From the Editor

Movie Review Archive

Thank you for checking out my movie review archive. I'm in the process of transitioning to something else, so I will no longer post new reviews to this blog. In the meantime, I will keep these reviews archived; these are from the fall of 2008 to April 2011. Please watch this blog for more info and keep in touch (you can still find me on Facebook and Twitter). Here's to more great movies!

Sincerely,
Wes Singleton

Member
North Texas Film Critics Association


Saturday, November 7, 2009

2012 - B

Rated PG-13 for intense disaster sequences and some language, 158 minutes

"2012": Who knew world destruction was so entertaining?

The ads for the new disaster film "2012" state: "We Were Warned." Well, you've been warned: "2012" is guilty-pleasure entertainment that makes the apocalypse enjoyable. Directed by Roland Emmerich, the guy who brought you calamitous events in "The Day After Tomorrow" and "Independence Day" goes for the jugular in this one: total world destruction, taking an all-star cast down with it. Completely, totally and utterly ridiculous, overlong and overwrought at every moment, it's also ridiculously entertaining.

"2012" is inspired by the idea of global doomsday coinciding with the Mayan Long Count Calendar's current cycle on December 21, 2012. With these apocalyptic events predicted by the Mayan Calendar, it's 2009 and all the world's government's are aware of the events, including the U.S. President (Danny Glover) and his top scientist, Adrian Helmsley (Chiwetel Ejiofor), who despite their best attempts, are unable to prevent it from happening in 3 years. The governments have worked together to build indestructible "arks" to repopulate the Earth after its destruction.

Flash forward to 2012 and caught up in the apocalypse is writer and sometimes limousine driver Jackson Curtis (John Cusack), who ironically wrote a book on the end times.
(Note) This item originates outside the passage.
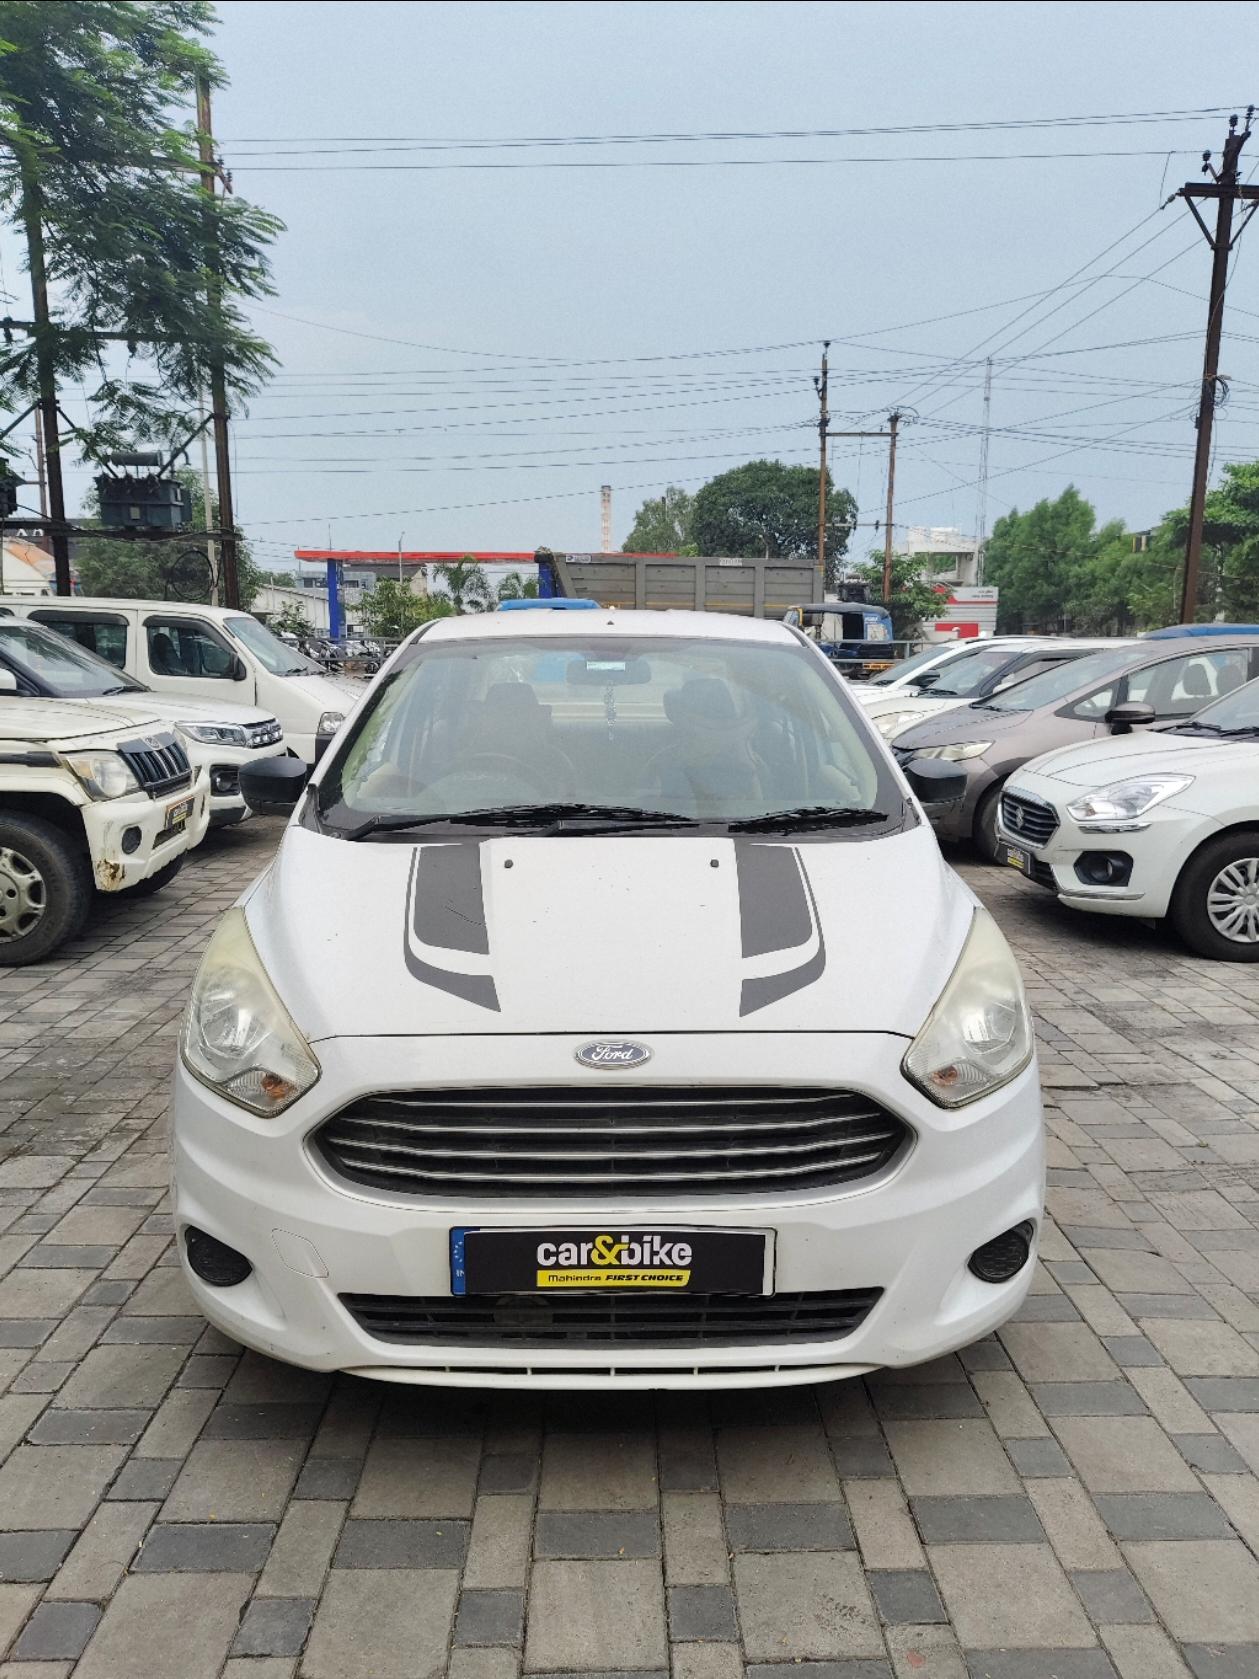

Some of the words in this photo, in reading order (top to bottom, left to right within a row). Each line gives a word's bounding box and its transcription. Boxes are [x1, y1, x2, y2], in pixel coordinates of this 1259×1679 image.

[591, 1045, 634, 1060] Ford
[536, 1235, 693, 1266] car&bike
[548, 1274, 601, 1282] Mahindra
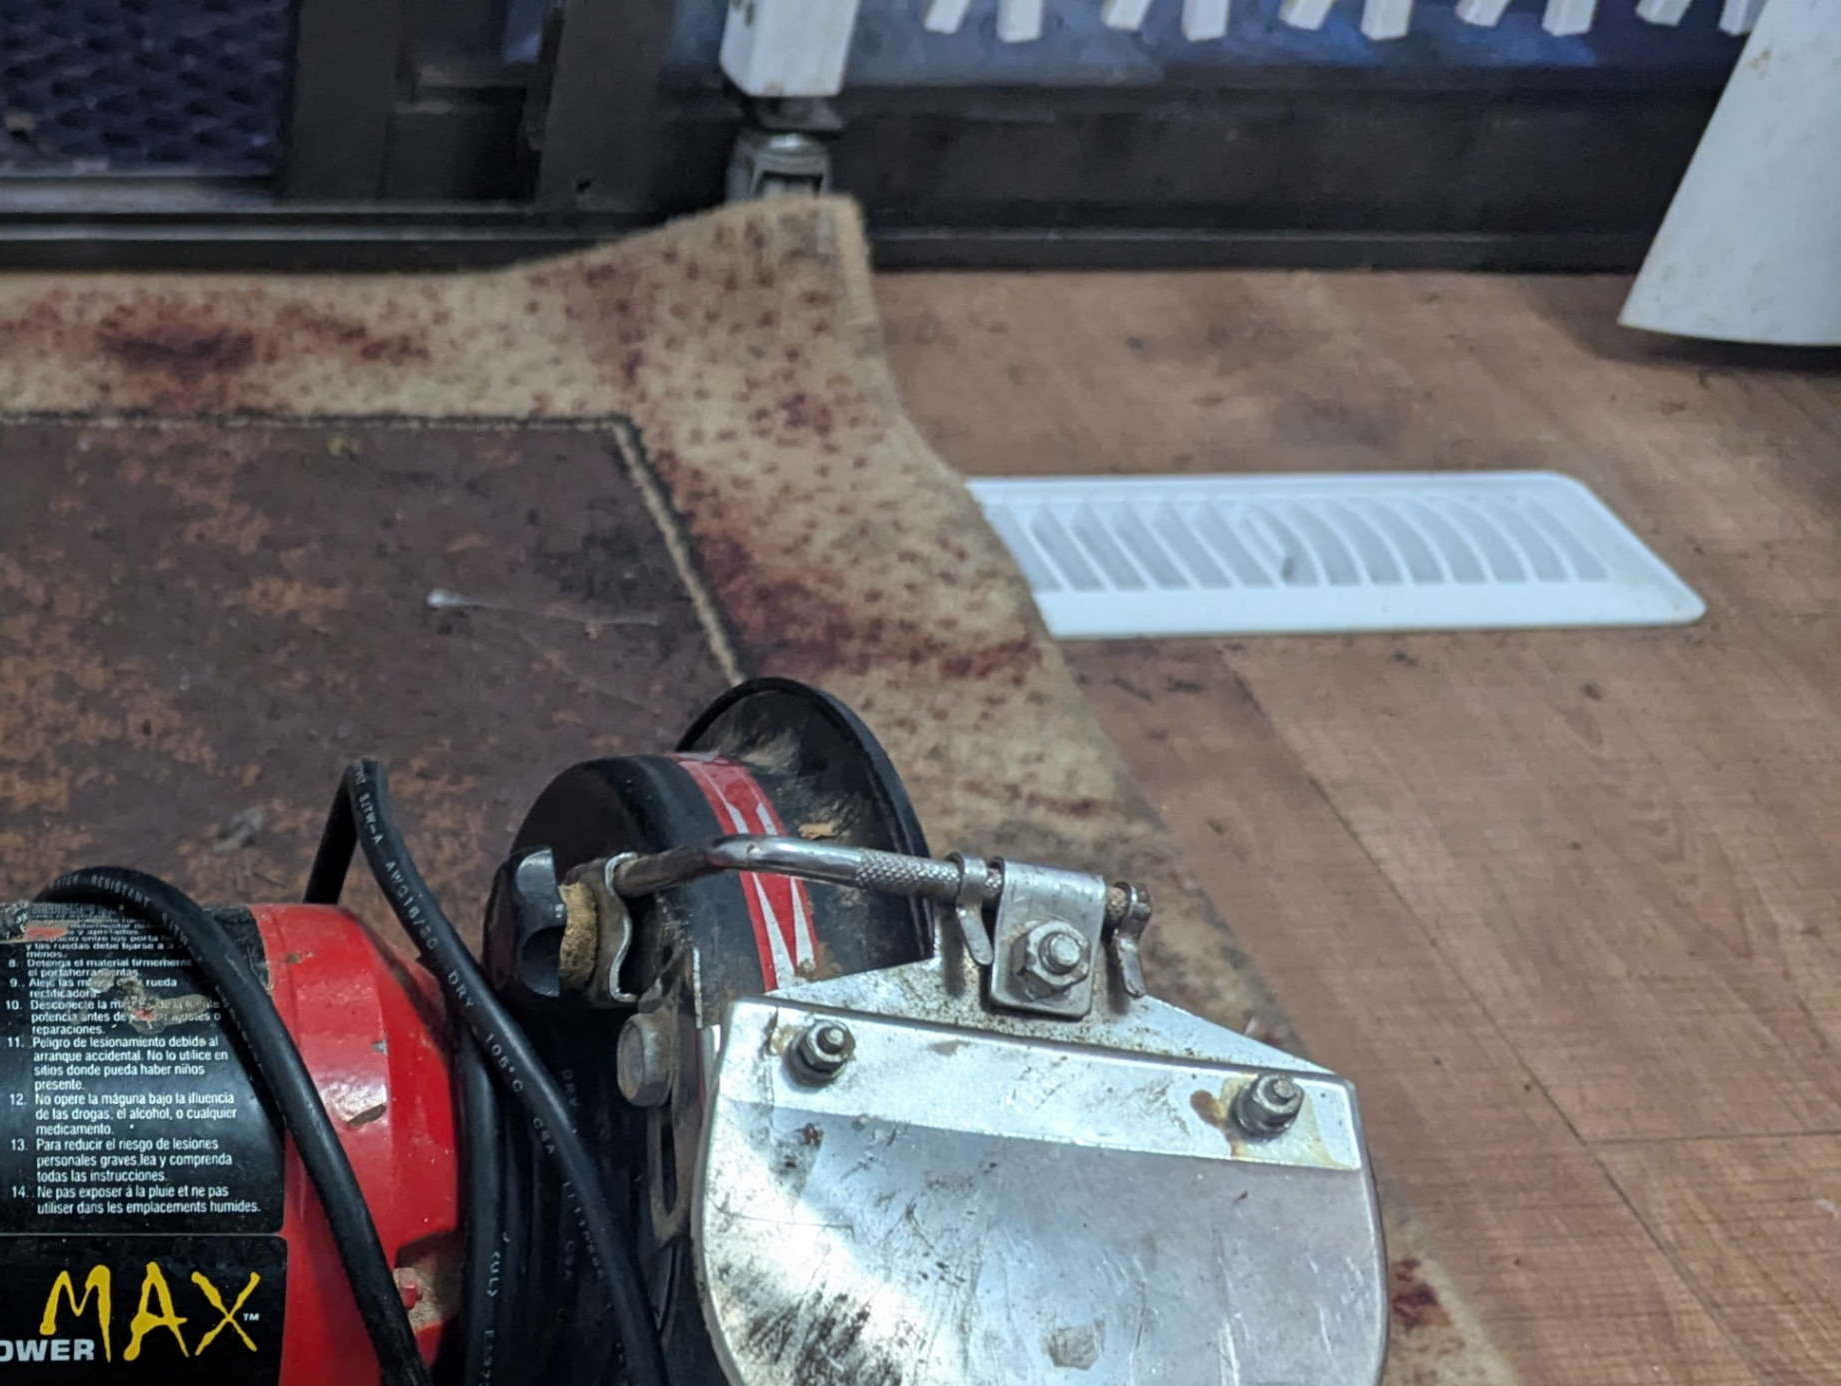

Spending sometime with his kids on a camping trip in Wyoming, he runs across a weird radio host and end times expert Charlie (Woody Harrelson), whose been aware of the coming events all along. Before long, California starts to fall off in the ocean and he must rush home to get his estranged wife (Amanda Peet) and her new boyfriend (Thomas McCarthy) and then race against time in an unforgettable adventure to get to the arks to save their lives.

"2012" is preposterous popcorn entertainment for the masses, but there's strange enjoyment and merriment in destruction and people running for their lives, we'll be up a creek if this really happens, which may be a stretch in this case. Inspired by the events supposedly foretold by the Mayan calendar, which is in fact untrue and largely a Westernized myth to stir up trouble. But what watchable entertainment it makes in "2012," even if none of it is remotely plausible.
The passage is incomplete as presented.